_Problem details_
All of the entries below should be returned verbatim, apart from the pictures.

----

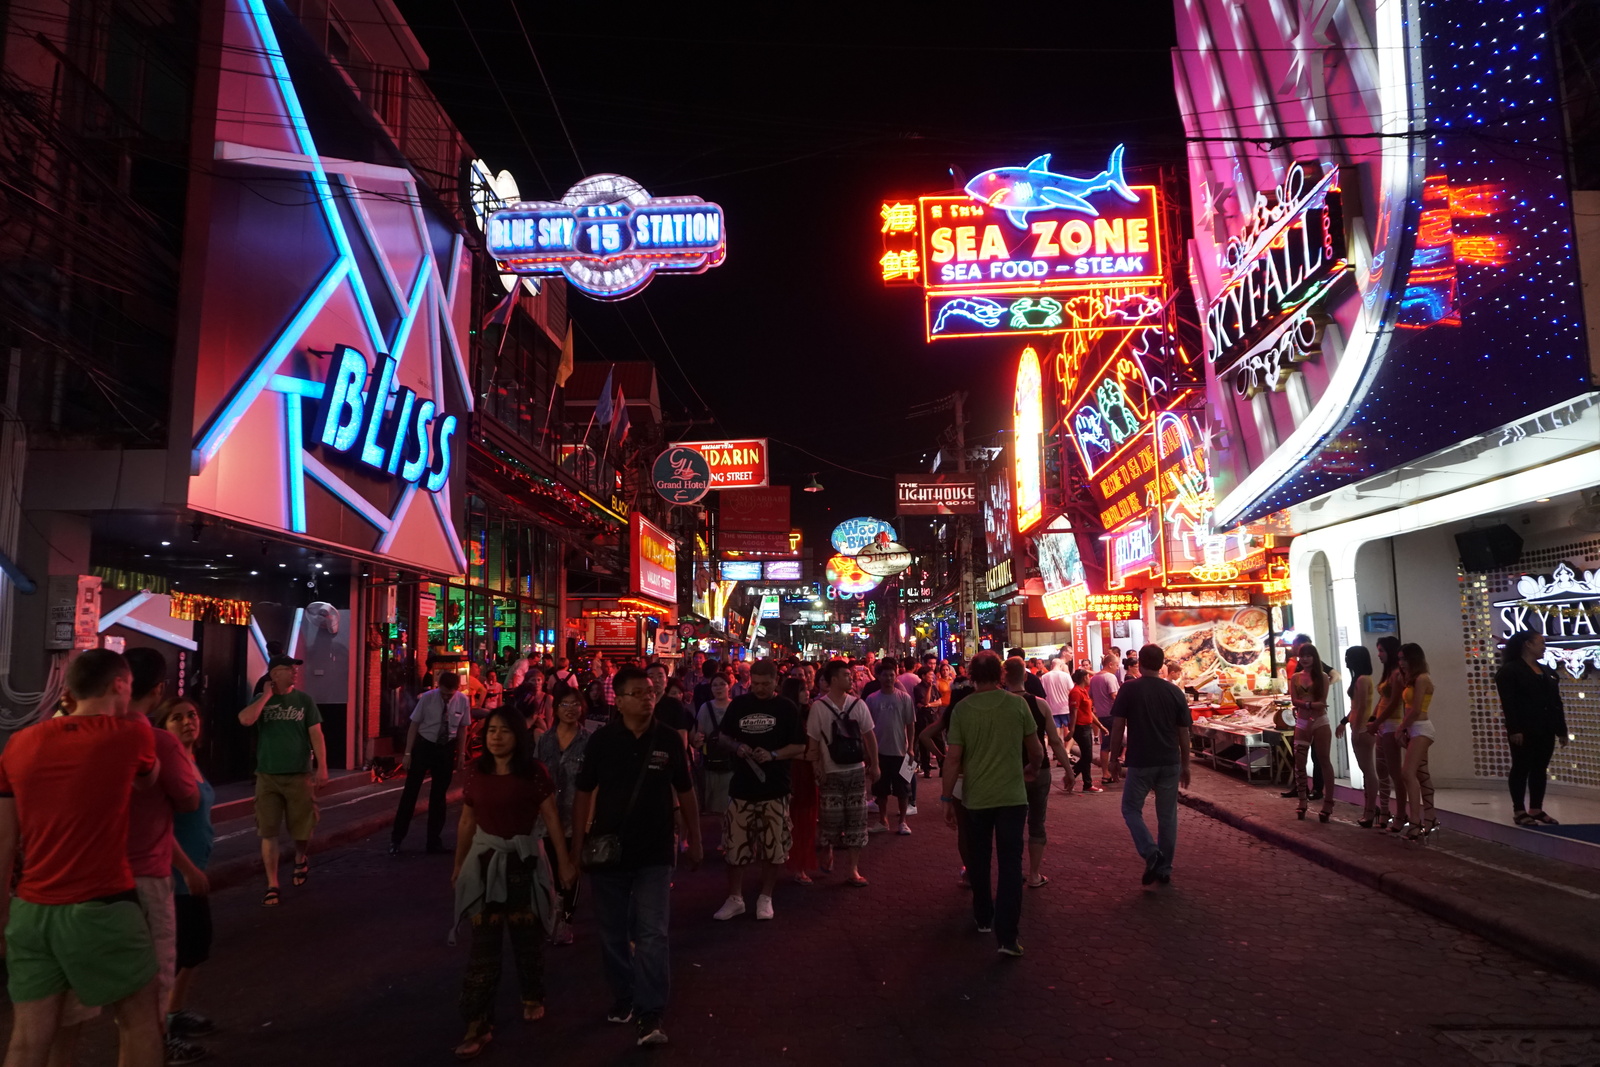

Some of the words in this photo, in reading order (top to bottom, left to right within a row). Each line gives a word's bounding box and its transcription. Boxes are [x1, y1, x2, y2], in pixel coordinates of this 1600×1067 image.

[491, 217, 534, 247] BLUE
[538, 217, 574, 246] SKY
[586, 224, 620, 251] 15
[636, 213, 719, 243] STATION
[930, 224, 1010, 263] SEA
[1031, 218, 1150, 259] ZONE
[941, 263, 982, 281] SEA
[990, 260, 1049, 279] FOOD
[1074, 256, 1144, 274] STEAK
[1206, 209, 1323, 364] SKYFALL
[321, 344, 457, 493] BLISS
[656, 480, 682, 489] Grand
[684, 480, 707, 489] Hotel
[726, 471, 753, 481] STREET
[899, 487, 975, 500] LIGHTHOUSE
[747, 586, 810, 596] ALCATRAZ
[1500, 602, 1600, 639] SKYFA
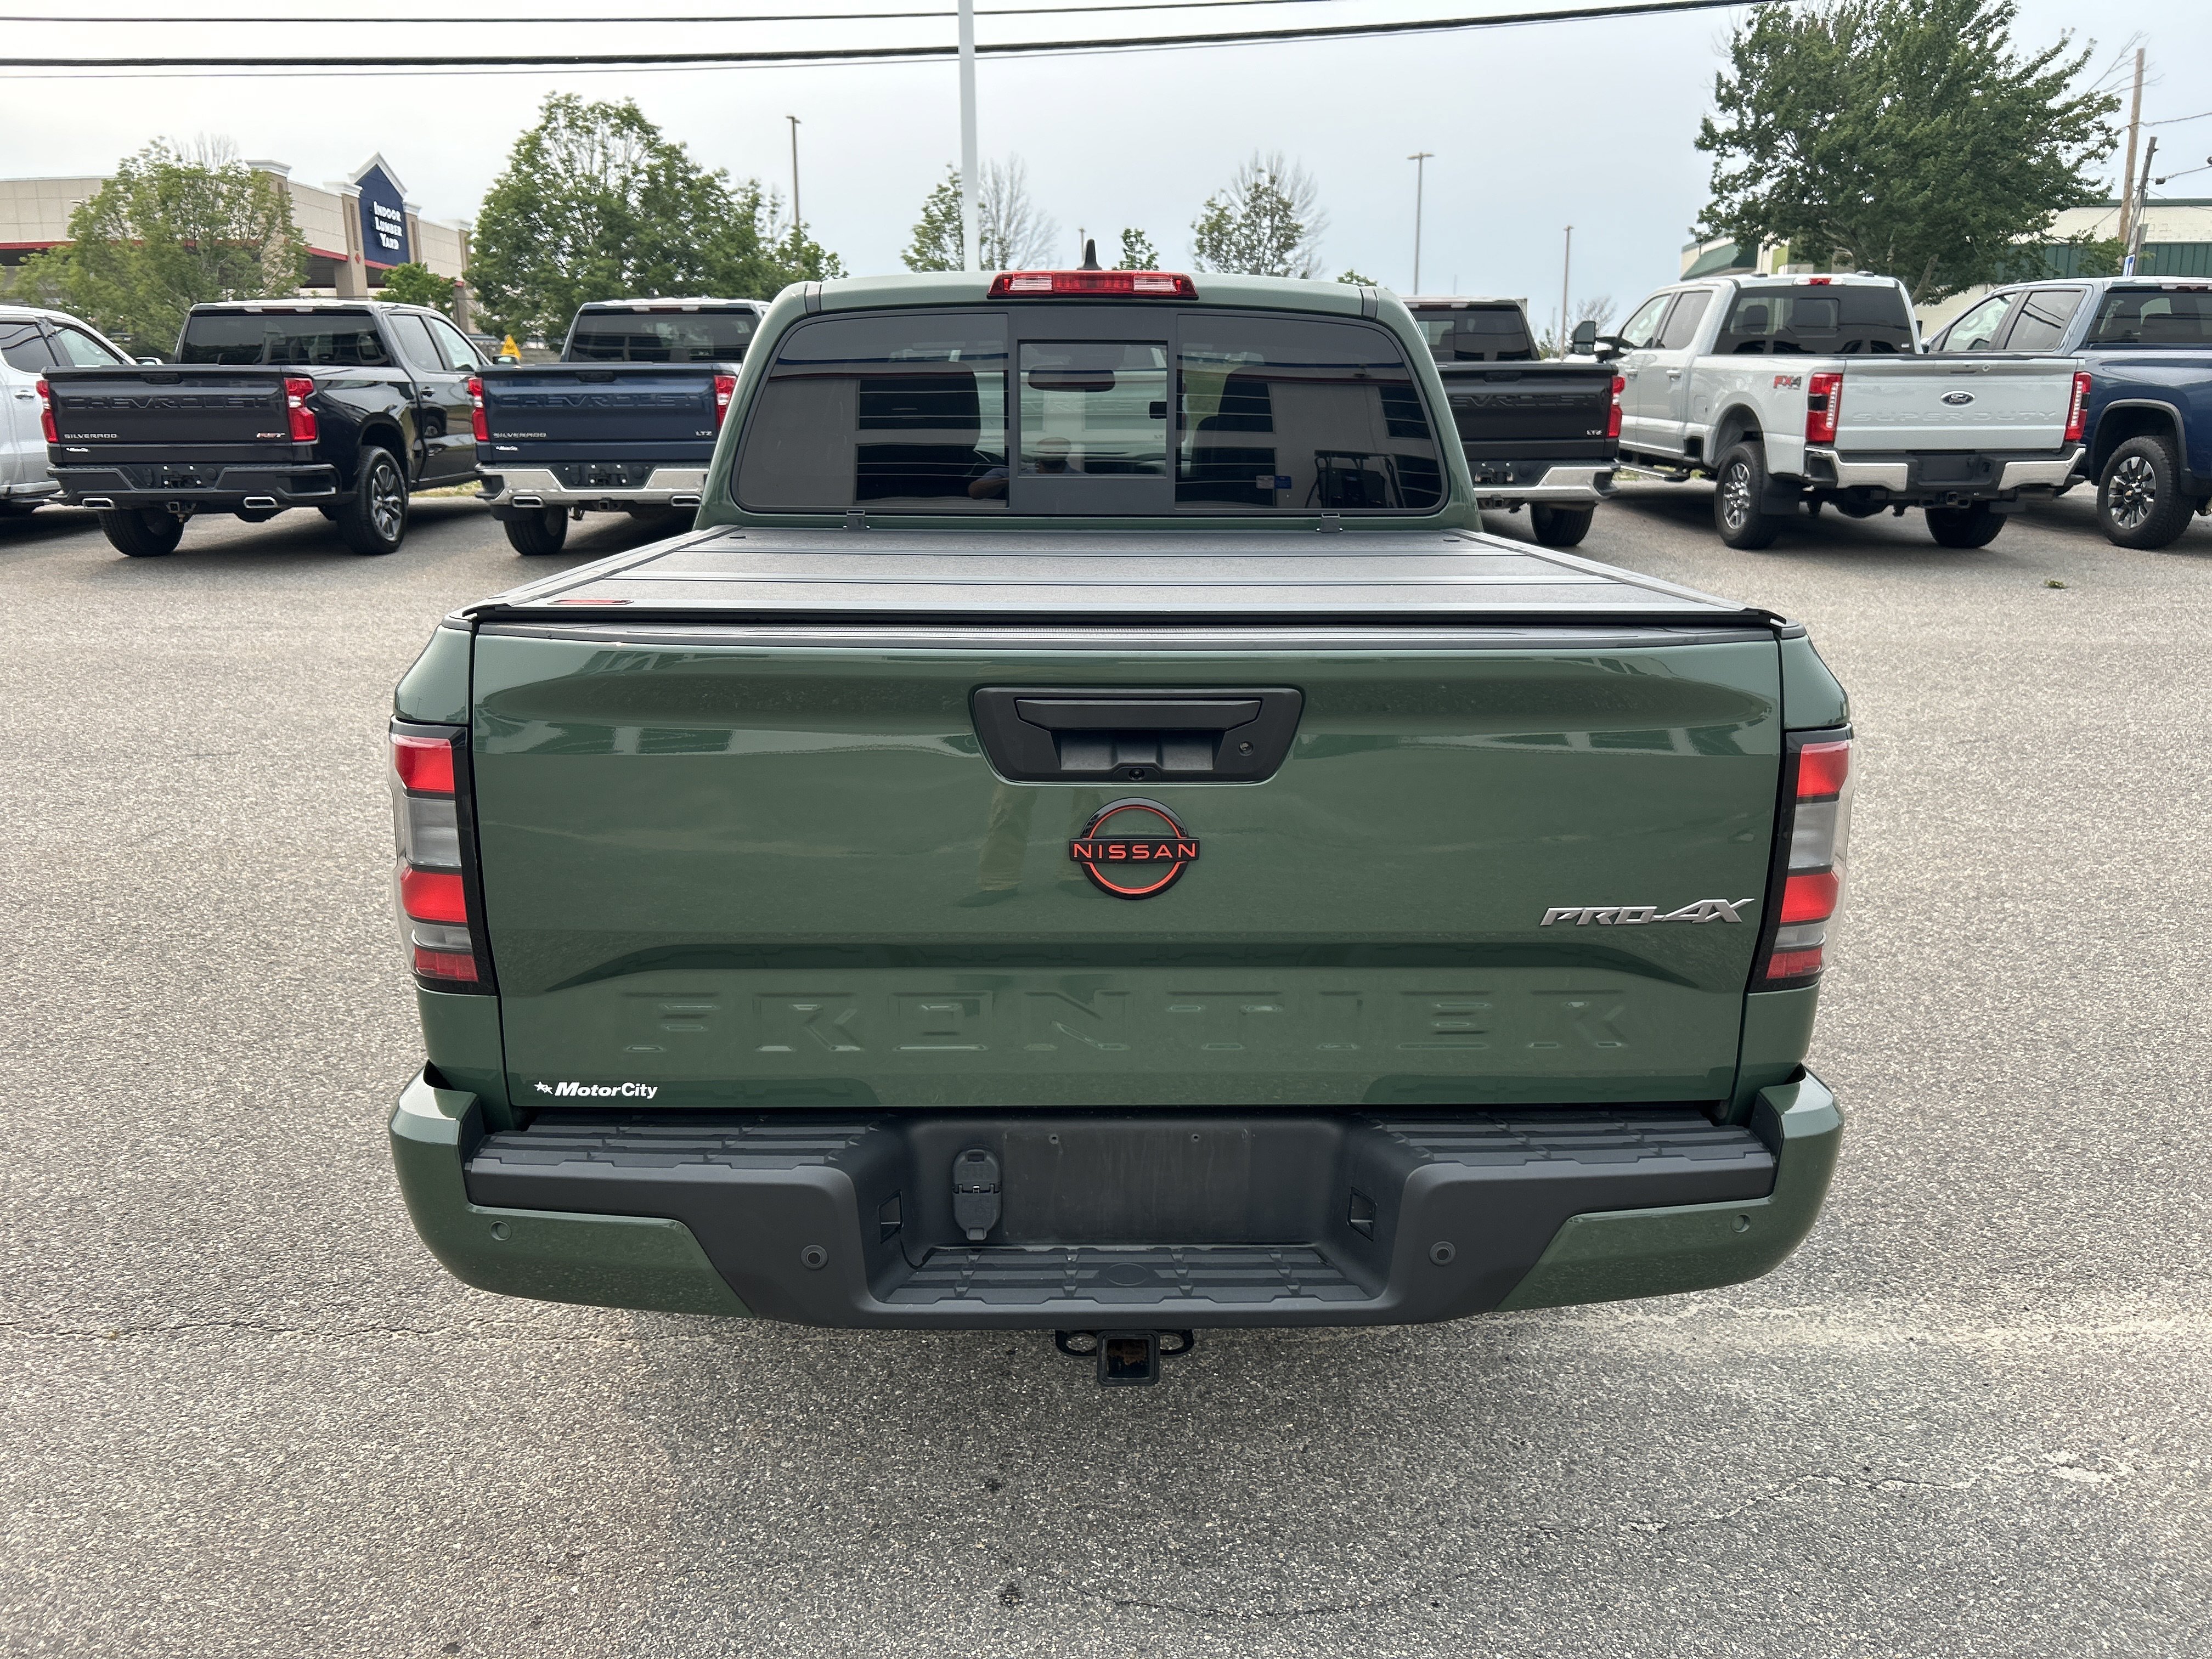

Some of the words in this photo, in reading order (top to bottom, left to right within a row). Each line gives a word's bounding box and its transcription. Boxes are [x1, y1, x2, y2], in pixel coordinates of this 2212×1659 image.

----

_Solved exercise_
Some of the words in this photo, in reading order (top to bottom, left to right within a row). Each line gives a word's bounding box and its transcription. Boxes are [x1, y1, x2, y2], in pixel coordinates of this 1600×1067 image.

[491, 217, 534, 247] BLUE
[538, 217, 574, 246] SKY
[586, 224, 620, 251] 15
[636, 213, 719, 243] STATION
[930, 224, 1010, 263] SEA
[1031, 218, 1150, 259] ZONE
[941, 263, 982, 281] SEA
[990, 260, 1049, 279] FOOD
[1074, 256, 1144, 274] STEAK
[1206, 209, 1323, 364] SKYFALL
[321, 344, 457, 493] BLISS
[656, 480, 682, 489] Grand
[684, 480, 707, 489] Hotel
[726, 471, 753, 481] STREET
[899, 487, 975, 500] LIGHTHOUSE
[747, 586, 810, 596] ALCATRAZ
[1500, 602, 1600, 639] SKYFA

Some of the words in this photo, in reading order (top to bottom, left to right within a row). Each line gives a word's bounding box and its transcription. Boxes are [x1, y1, x2, y2], in pixel coordinates of this 2212×1659 image.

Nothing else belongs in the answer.